*How to complete this task*
Your answer must be the full set of entries, repeated exactly.

··· Record extracts

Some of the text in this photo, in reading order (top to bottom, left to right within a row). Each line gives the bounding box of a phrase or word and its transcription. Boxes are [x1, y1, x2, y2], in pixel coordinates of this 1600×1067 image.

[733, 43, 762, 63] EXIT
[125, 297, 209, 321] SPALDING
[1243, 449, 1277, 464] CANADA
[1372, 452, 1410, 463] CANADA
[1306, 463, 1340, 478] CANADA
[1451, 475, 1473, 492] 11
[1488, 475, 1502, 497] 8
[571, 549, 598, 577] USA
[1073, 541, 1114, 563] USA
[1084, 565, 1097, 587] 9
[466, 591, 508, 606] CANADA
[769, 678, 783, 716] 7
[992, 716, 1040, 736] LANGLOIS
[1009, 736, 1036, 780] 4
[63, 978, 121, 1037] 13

······

*Solution for this exercise*
Some of the text in this photo, in reading order (top to bottom, left to right within a row). Each line gives the bounding box of a phrase or word and its transcription. Boxes are [x1, y1, x2, y2], in pixel coordinates of this 1600×1067 image.

[733, 43, 762, 63] EXIT
[125, 297, 209, 321] SPALDING
[1243, 449, 1277, 464] CANADA
[1372, 452, 1410, 463] CANADA
[1306, 463, 1340, 478] CANADA
[1451, 475, 1473, 492] 11
[1488, 475, 1502, 497] 8
[571, 549, 598, 577] USA
[1073, 541, 1114, 563] USA
[1084, 565, 1097, 587] 9
[466, 591, 508, 606] CANADA
[769, 678, 783, 716] 7
[992, 716, 1040, 736] LANGLOIS
[1009, 736, 1036, 780] 4
[63, 978, 121, 1037] 13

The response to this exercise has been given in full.